We might assume a separation between mind and body. But for Chisholm, this distinction misses the mark. To him, mental health and the health of entire peoples and nations were the same. If, after all, how we think is intimately related to how we feel then it’s a small leap to argue that the fate of nations and world peace is intimately connected to our collective health. Indeed, this is a lesson that COVID had to teach us again and gain. 

“Emotional health of individual citizens affects external relations,” declared Chisholm.

On February 26, 1946, during the William Alanson White Memorial Lecture in New York, Chisholm declared, “emotional health of individual citizens affects external relations.” This was a radical claim for the time. The looming Cold War—and, of course, world nuclear annihilation—produced its own set of anxieties over the future that Chisholm believed could be overcome through a combination of strictly applied reason and education rooted in an incessant questioning of “established truths.” This approach to learning would ultimately lead people away from flawed patterns of thinking and would produce clearer minds, healthier bodies, and a more peaceful world.  

What Chisholm wanted to do was eliminate human pathologies that led to war and create universally applicable policies to bring about a peaceful planet. “We are the kind of people who fight wars every fifteen of twenty years. Why?” The overarching answer centred on human bias and what we might call prejudiced patterns of thinking.

Circling back to his education at the University of Toronto and Yale, he sought answers in early childhood education. According to him, national prejudice, attachment to clan and ethnicity, or religious intolerance were essentially baked into contemporary institutions. These biases produced a collective sickness of emotional rather than critical thinkers who went on to create the horrors of authoritarianism and the threat of nuclear war. His program for reform centred on teaching young people to grow “emotionally beyond national boundaries” to become “world citizens.” These world citizens would possess a healthy “emotional relationship” with people of all walks of life and have “loyalty to the human race as such” (our emphasis).
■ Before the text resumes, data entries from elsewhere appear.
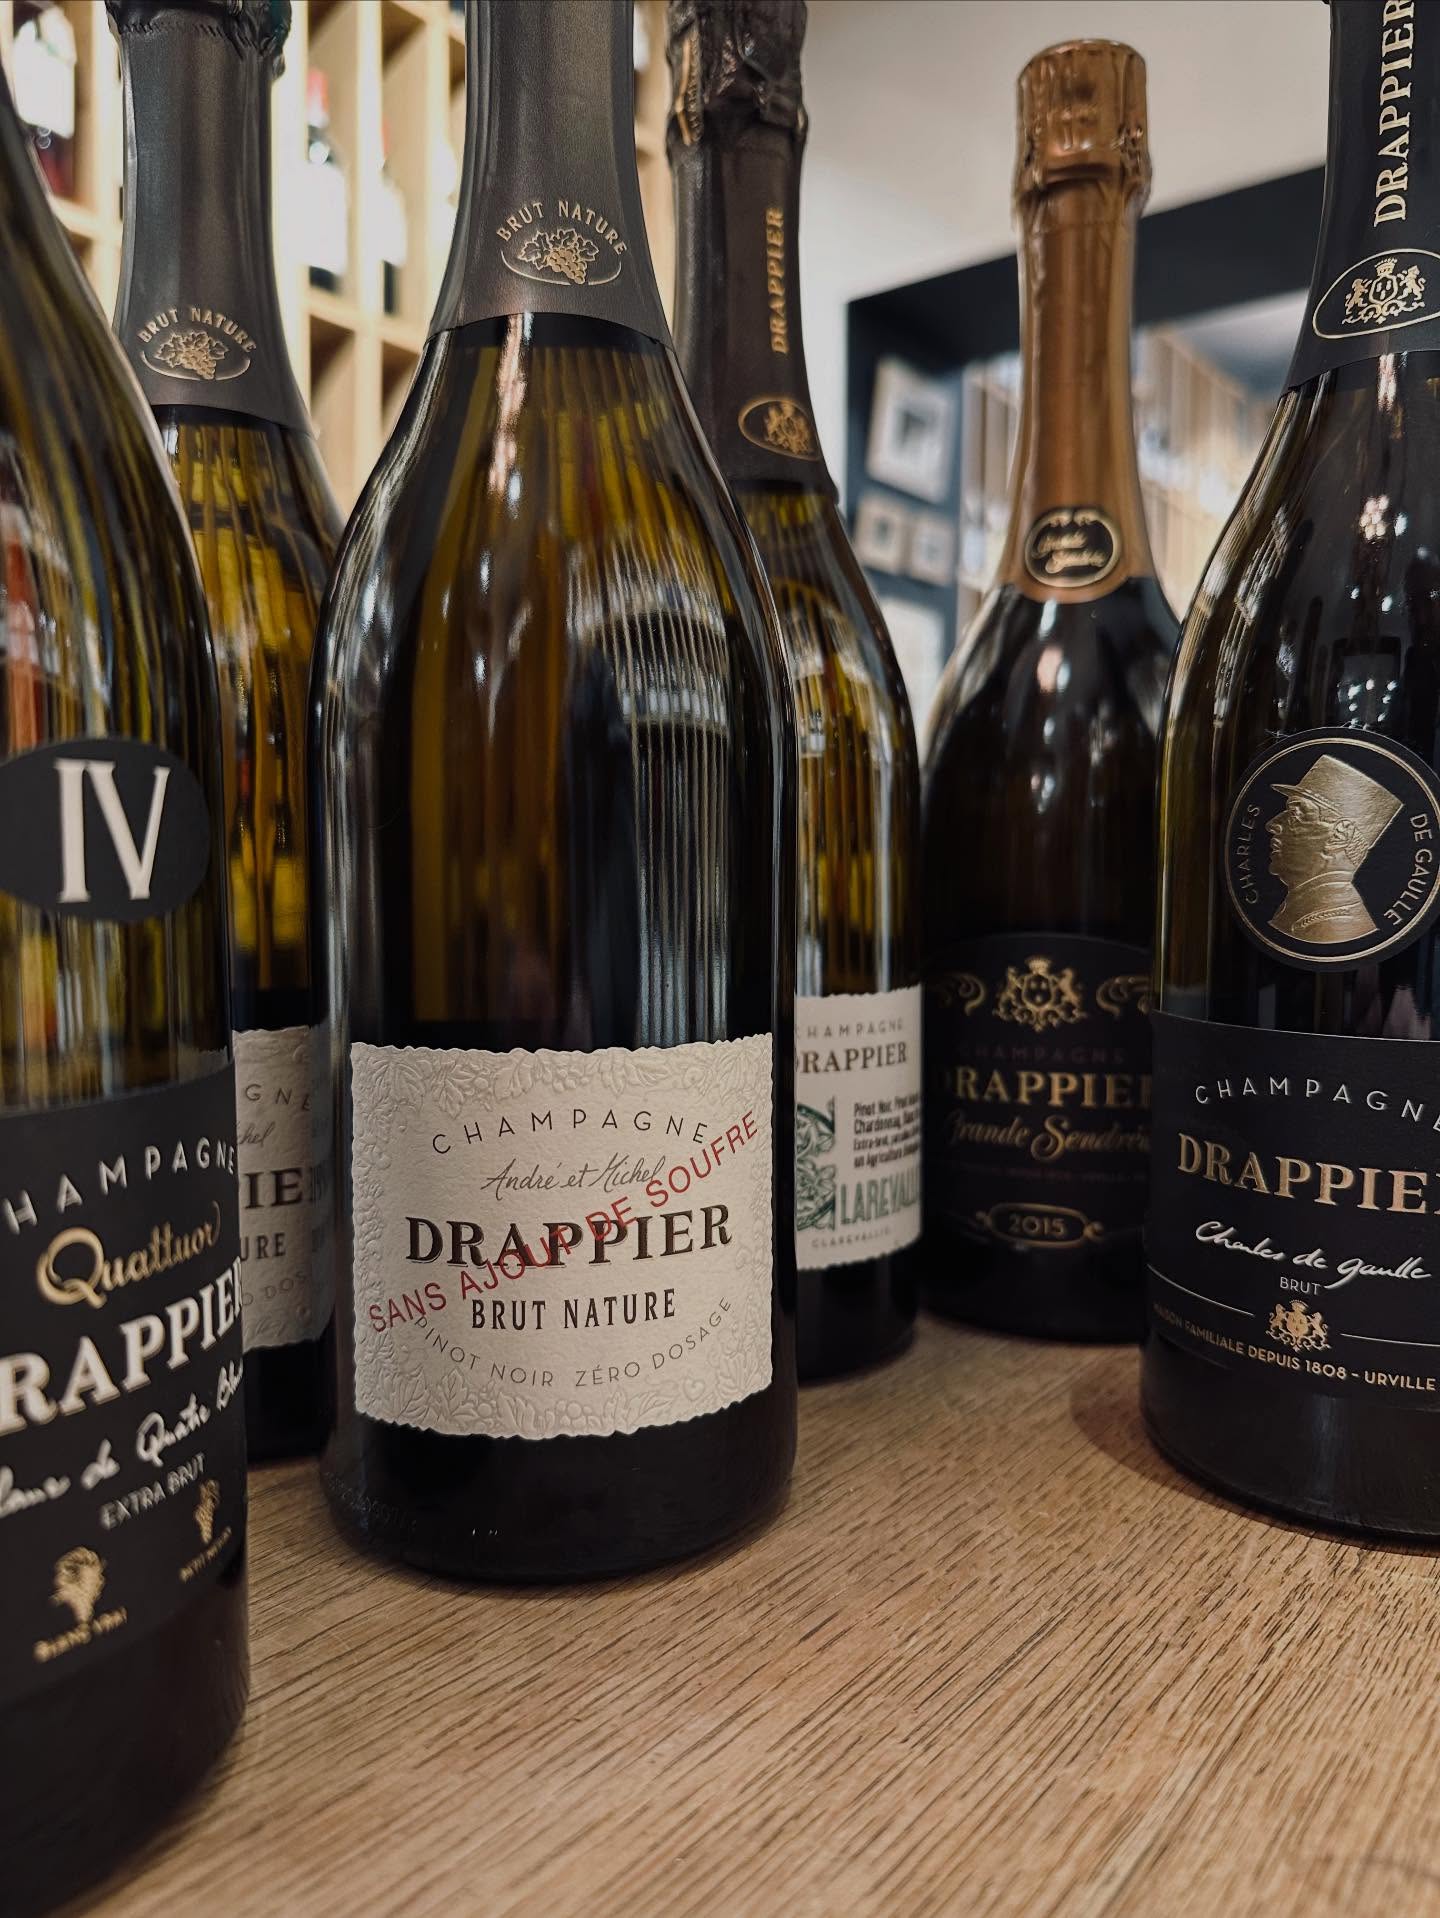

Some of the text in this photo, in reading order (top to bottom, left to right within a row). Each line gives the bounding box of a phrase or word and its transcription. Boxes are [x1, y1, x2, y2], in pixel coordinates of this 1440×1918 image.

[1373, 0, 1415, 228] DRAPPIER
[497, 200, 628, 255] BRUT NATURE
[766, 207, 789, 355] DRAPPIER
[138, 306, 257, 353] BRUT NATURE
[54, 758, 171, 903] IV
[1236, 804, 1260, 904] CHARLES
[1384, 813, 1433, 926] DE GAULLE
[431, 1108, 709, 1155] CHAMPAGNE
[480, 1153, 667, 1201] André et Michel
[1177, 1132, 1440, 1215] DRAPPIE
[36, 1201, 221, 1309] Quattuor
[368, 1110, 760, 1333] SANS AJOUT DE SOUFRE
[405, 1204, 733, 1270] DRAPPIER
[1008, 1214, 1068, 1239] 2015
[1195, 1221, 1286, 1261] Charles
[1292, 1248, 1328, 1268] de
[472, 1287, 677, 1330] BRUT NATURE
[1280, 1277, 1320, 1295] BRUT
[413, 1296, 732, 1388] PINOT NOIR ZÉRO DOSAGE
[1185, 1319, 1245, 1355] FAMILIALE
[1248, 1345, 1301, 1370] DEPUIS
[1306, 1359, 1347, 1380] 1808
[1364, 1370, 1437, 1391] URVILLE
Chisholm’s idea of “world citizenship” as a way to refashion the world around mutual respect and acceptance of difference inspires thought and, in our own day and age, are very much worth considering. In an era where we reckon with historical injustice and renewed European conflict—the war in Ukraine being the largest since Chisholm’s time and Vladimir Putin’s suspension of Russia’s participation in the new Strategic Arms Reduction Treaty (START)—ushers in a new age of nuclear armament, it is wise to consult those that have faced similar problems and sought solutions in the highest aspirations of humanity. The post-pandemic world need not be one characterized by isolation and conflict. If we study the past and the ideas that wise people articulated in the time of fundamental global crisis, we can find healthy and intelligent solutions for our collective future.